_Text-to-region grounding data:_
►

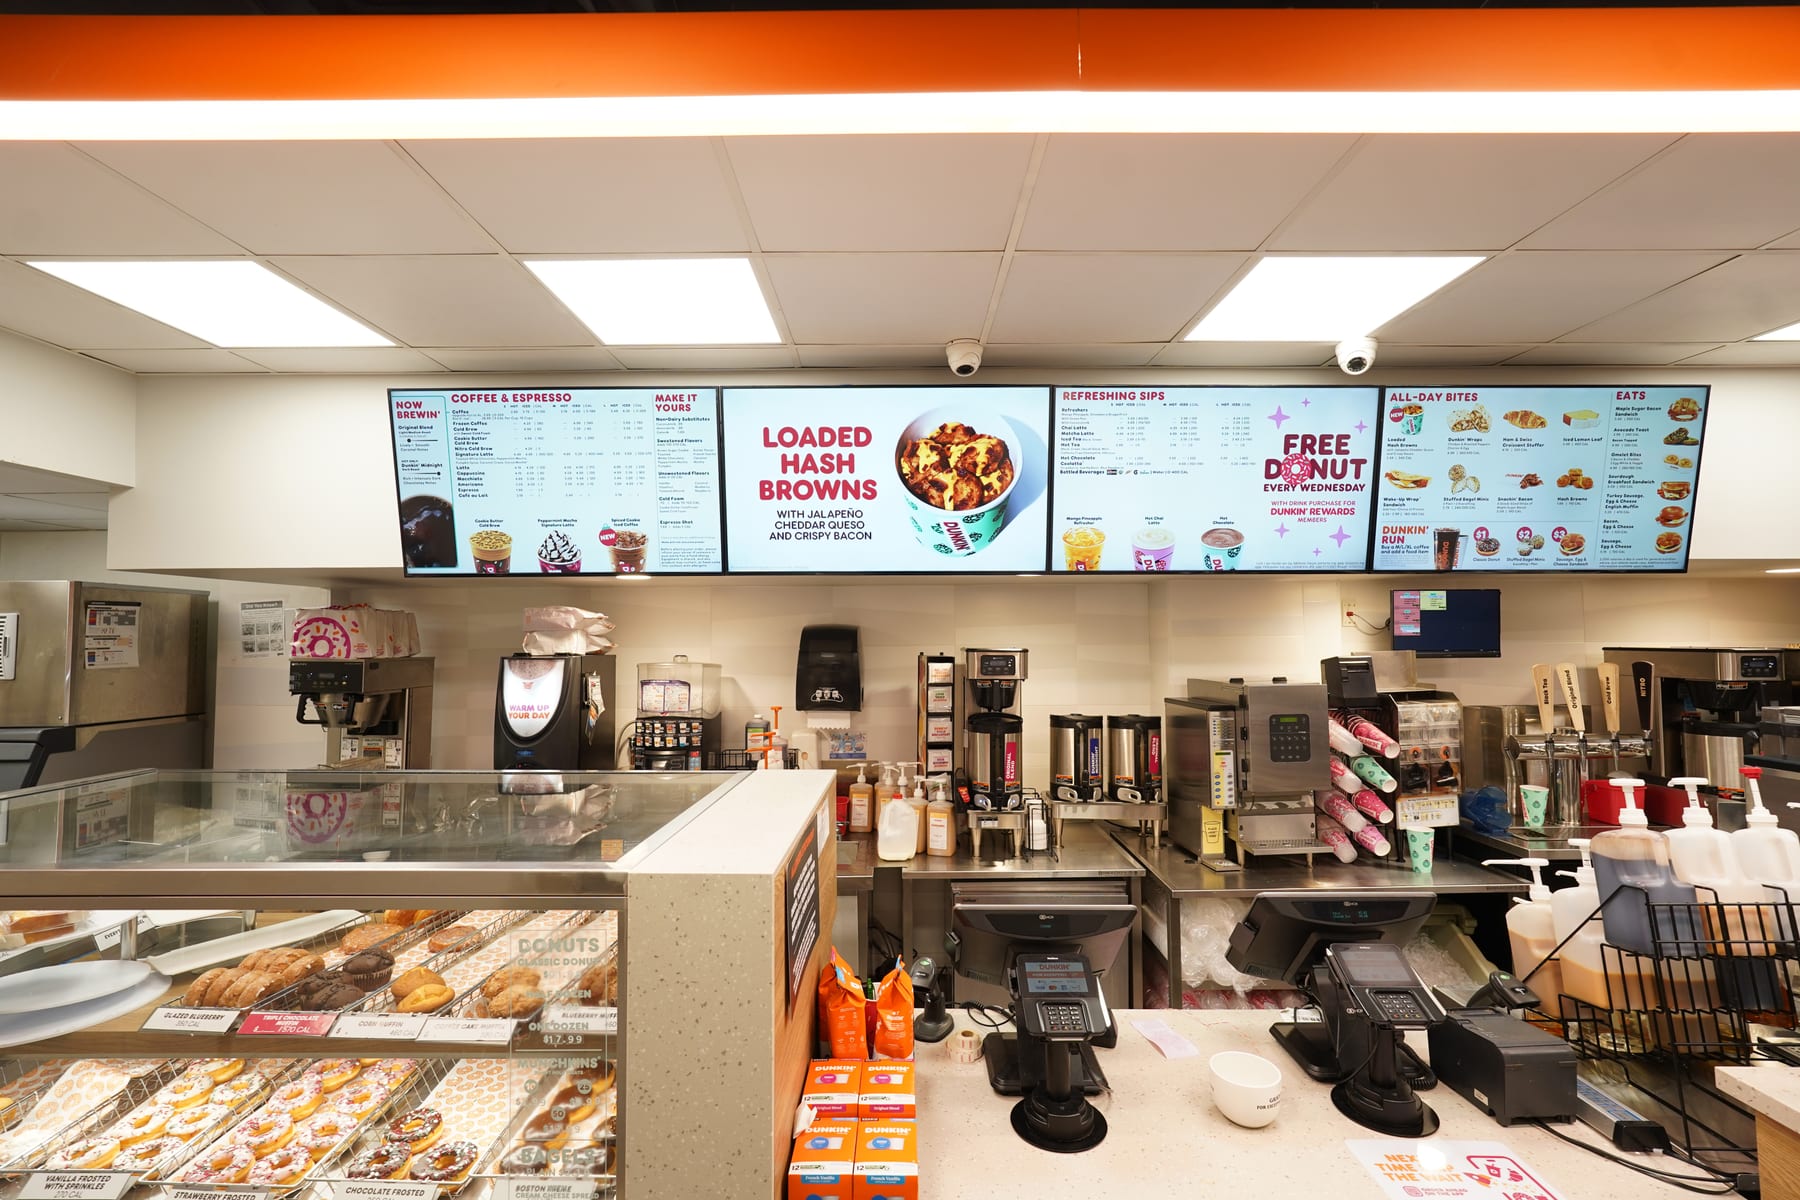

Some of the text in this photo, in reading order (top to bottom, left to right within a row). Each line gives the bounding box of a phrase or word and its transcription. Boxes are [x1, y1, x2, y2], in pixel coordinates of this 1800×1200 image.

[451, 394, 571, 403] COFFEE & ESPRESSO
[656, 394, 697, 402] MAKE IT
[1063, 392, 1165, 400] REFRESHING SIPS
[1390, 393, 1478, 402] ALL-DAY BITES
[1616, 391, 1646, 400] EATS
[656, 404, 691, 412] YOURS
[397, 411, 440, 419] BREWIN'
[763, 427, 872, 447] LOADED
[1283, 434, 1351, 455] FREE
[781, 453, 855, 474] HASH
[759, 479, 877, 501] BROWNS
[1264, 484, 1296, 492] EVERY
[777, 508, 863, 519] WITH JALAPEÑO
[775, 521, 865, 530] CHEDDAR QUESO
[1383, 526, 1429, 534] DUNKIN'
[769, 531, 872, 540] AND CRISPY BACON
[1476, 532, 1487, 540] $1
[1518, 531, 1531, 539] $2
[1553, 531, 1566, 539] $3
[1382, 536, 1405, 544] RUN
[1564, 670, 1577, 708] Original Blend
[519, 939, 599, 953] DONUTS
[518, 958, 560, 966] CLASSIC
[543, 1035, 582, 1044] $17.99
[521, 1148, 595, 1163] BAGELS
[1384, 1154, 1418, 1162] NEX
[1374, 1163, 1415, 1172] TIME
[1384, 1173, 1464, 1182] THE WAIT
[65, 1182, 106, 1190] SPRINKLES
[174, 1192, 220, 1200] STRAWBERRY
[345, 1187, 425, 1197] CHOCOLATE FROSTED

◄

_WORK INSTRUCTIONS:_ Every entry above needs to be printed again exactly, with its pictures left out.

_TASK OUTPUT:_
Some of the text in this photo, in reading order (top to bottom, left to right within a row). Each line gives the bounding box of a phrase or word and its transcription. Boxes are [x1, y1, x2, y2], in pixel coordinates of this 1800×1200 image.

[451, 394, 571, 403] COFFEE & ESPRESSO
[656, 394, 697, 402] MAKE IT
[1063, 392, 1165, 400] REFRESHING SIPS
[1390, 393, 1478, 402] ALL-DAY BITES
[1616, 391, 1646, 400] EATS
[656, 404, 691, 412] YOURS
[397, 411, 440, 419] BREWIN'
[763, 427, 872, 447] LOADED
[1283, 434, 1351, 455] FREE
[781, 453, 855, 474] HASH
[759, 479, 877, 501] BROWNS
[1264, 484, 1296, 492] EVERY
[777, 508, 863, 519] WITH JALAPEÑO
[775, 521, 865, 530] CHEDDAR QUESO
[1383, 526, 1429, 534] DUNKIN'
[769, 531, 872, 540] AND CRISPY BACON
[1476, 532, 1487, 540] $1
[1518, 531, 1531, 539] $2
[1553, 531, 1566, 539] $3
[1382, 536, 1405, 544] RUN
[1564, 670, 1577, 708] Original Blend
[519, 939, 599, 953] DONUTS
[518, 958, 560, 966] CLASSIC
[543, 1035, 582, 1044] $17.99
[521, 1148, 595, 1163] BAGELS
[1384, 1154, 1418, 1162] NEX
[1374, 1163, 1415, 1172] TIME
[1384, 1173, 1464, 1182] THE WAIT
[65, 1182, 106, 1190] SPRINKLES
[174, 1192, 220, 1200] STRAWBERRY
[345, 1187, 425, 1197] CHOCOLATE FROSTED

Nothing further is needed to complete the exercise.